Quail Island also differed from comparable New Zealand institutions. Mental asylums and tuberculosis sanitoria emphasised fresh air, exercise, gardening and various occupational therapies. On Quail Island, the fear of contagion – a fear out of proportion to the risk of infection – resulted in a very different approach. Leprosy patients were confined within a picket-fenced boundary. Dinner plates were left on a small table at the end of the fence that the caretaker would fill with food. They were not allowed to explore the island and visitors were rare.

The men’s hospital on Makogai. Photo/Macmillan Brown Library, University of Canterbury

Despite the scaremongering, changes were made. After years of requests, patients were eventually given permission to use a rowing boat. Clergymen and church groups began to take the embarrassingly short journey over to the island. As a result of the 1920 inquiry, a nurse, nurse’s assistant and handyman were appointed. In 1923, the government gave approval for new huts, new sanitary blocks and a lookout shelter. These never materialised. When Prime Minister William Massey heard people with the disease from Britain’s Western Pacific colonies were to be concentrated at Makogai, he asked Fiji if it would extend the scheme to include New Zealand patients.

Here, finally, was a way for New Zealand to fix a leprosy problem recently exacerbated by the successful escape of patient George Phillips, who passed himself off as a clergyman and was never caught.

The Health Department began fitting out the government steamer Hinemoa to transport the remaining eight men to Makogai (with characteristic lack of consideration, it initially planned to put the patients in the hold), and on August 29, 1925, the Hinemoa arrived at Makogai. Five of the patients would never see New Zealand again.

Today, Quail Island is a recreation reserve a short ferry trip from Lyttelton, a summertime place of school camps, picnics and mushrooming. Some of the original colony foundations and paths are still visible, a replica hut has been built and a white picket fence marks the burial place of 20-year-old Ivon Skelton, one of two leprosy sufferers to die on the island (although scientists failed in a 2015 attempt to find and exhume his remains).

All other evidence is gone. In 1931, the patients’ huts were demolished and the furniture sold. “It could have been out of shame,” says Kingsbury. “The colony was in such a bad state – the buildings were run down and the medical care was at an overall lower standard. After the patients had gone, the next step was to get rid of the memory. And that has been very successful – it is not a story people know a huge amount about.”

Yōhei Sasakawa. Photo/Getty Images

A global affliction

127 countries reported new cases in 2018.

Philanthropist Yōhei Sasakawa calls it “the oldest continuing human rights issue in the history of mankind”.

Leprosy is a chronic infectious disease caused by a rod-shaped bacillus called Mycobacterium leprae, discovered in 1873 by Norwegian physician Armauer Hansen.

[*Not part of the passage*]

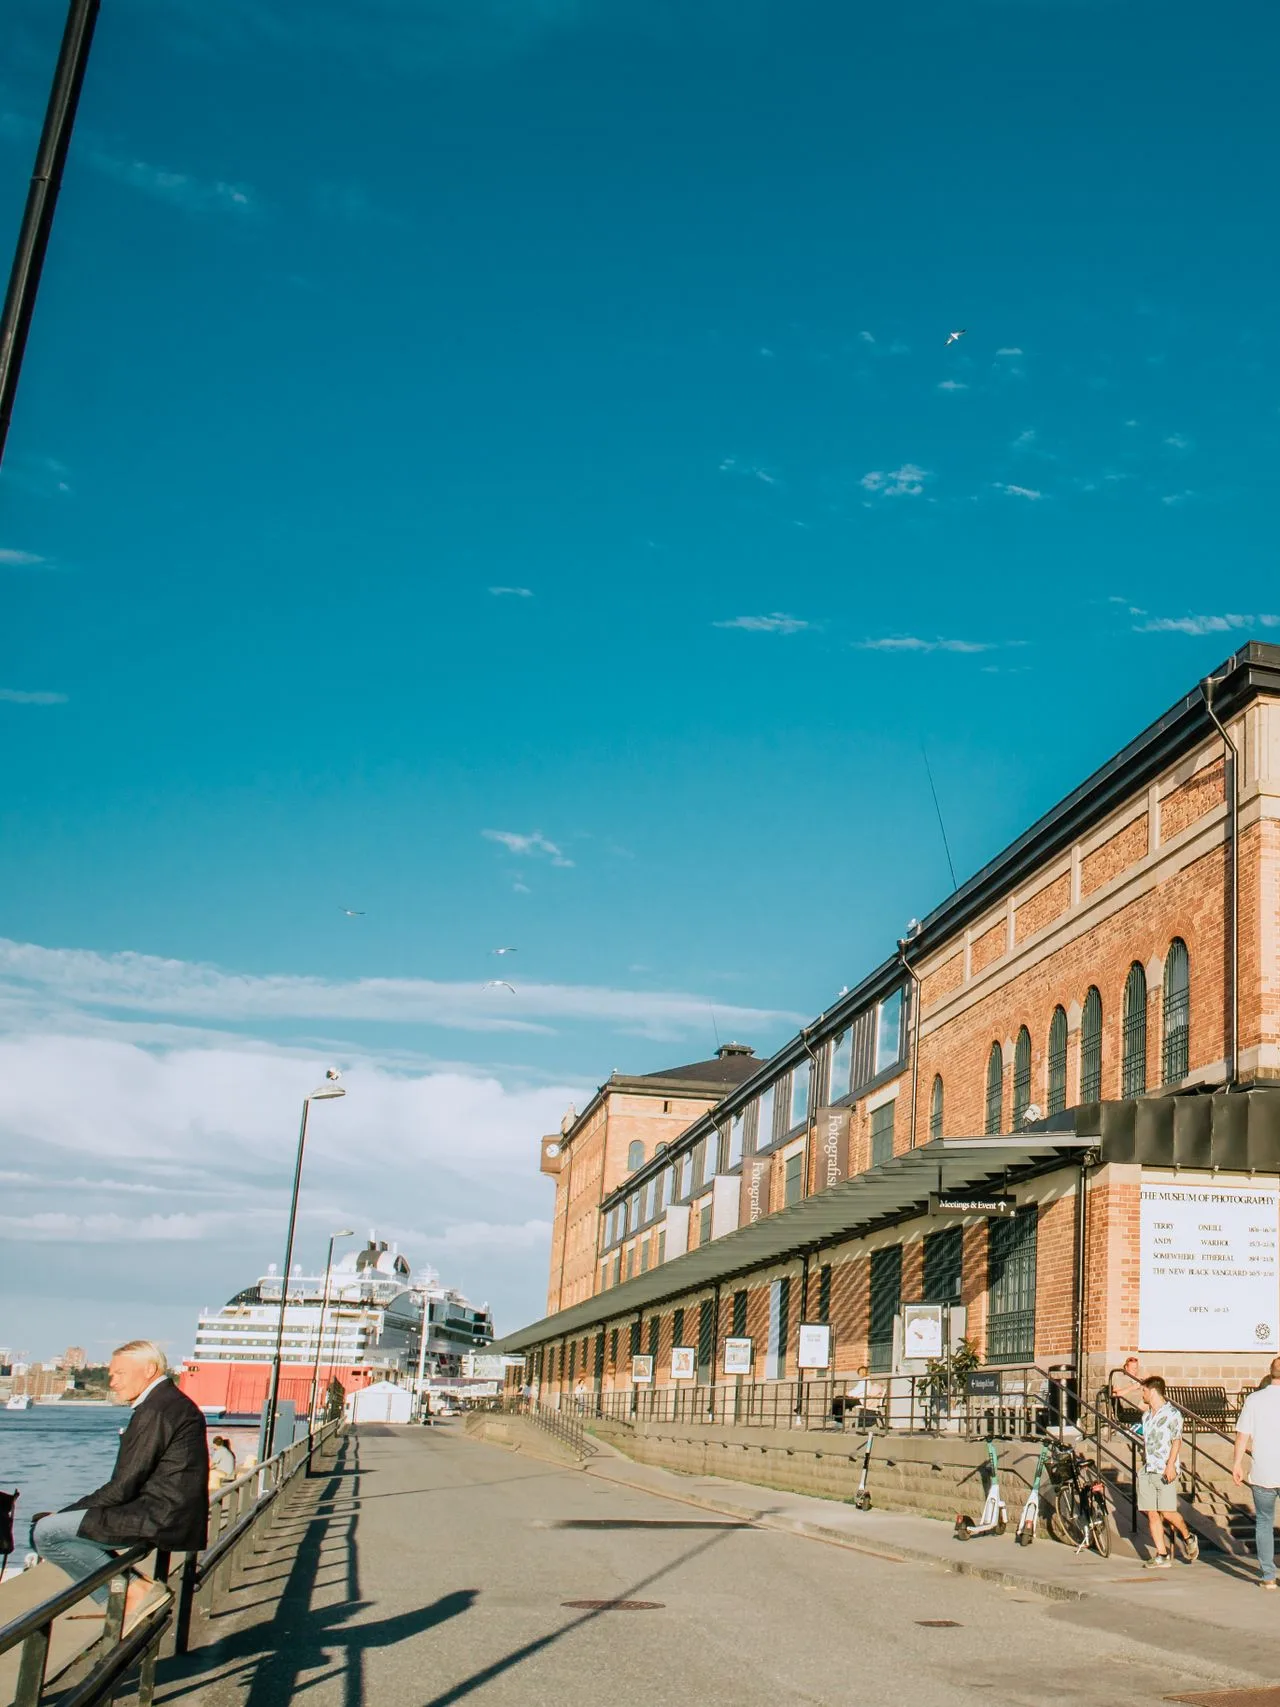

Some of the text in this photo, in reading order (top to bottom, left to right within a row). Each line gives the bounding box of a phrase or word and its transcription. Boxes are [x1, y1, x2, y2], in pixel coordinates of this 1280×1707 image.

There are various types and sub-types, based on the number of skin lesions and the degree of nerve damage. It generally affects the skin and peripheral nerves and can also affect the upper respiratory tract and the eyes.

Although the exact mechanism of transmission is not well understood, it is thought that a person needs to be in contact with an infected individual for an extended period to catch the disease.

In 2018, the World Health Organisation reported 208,600 new cases from 127 countries. Fifteen countries reported more than 1000 cases. Brazil, India and Indonesia accounted for 80% of new cases reported globally.

Drug treatment appeared in the late 1940s, with the introduction of dapsone. Today, the standard treatment for leprosy involves the use of two or three drugs.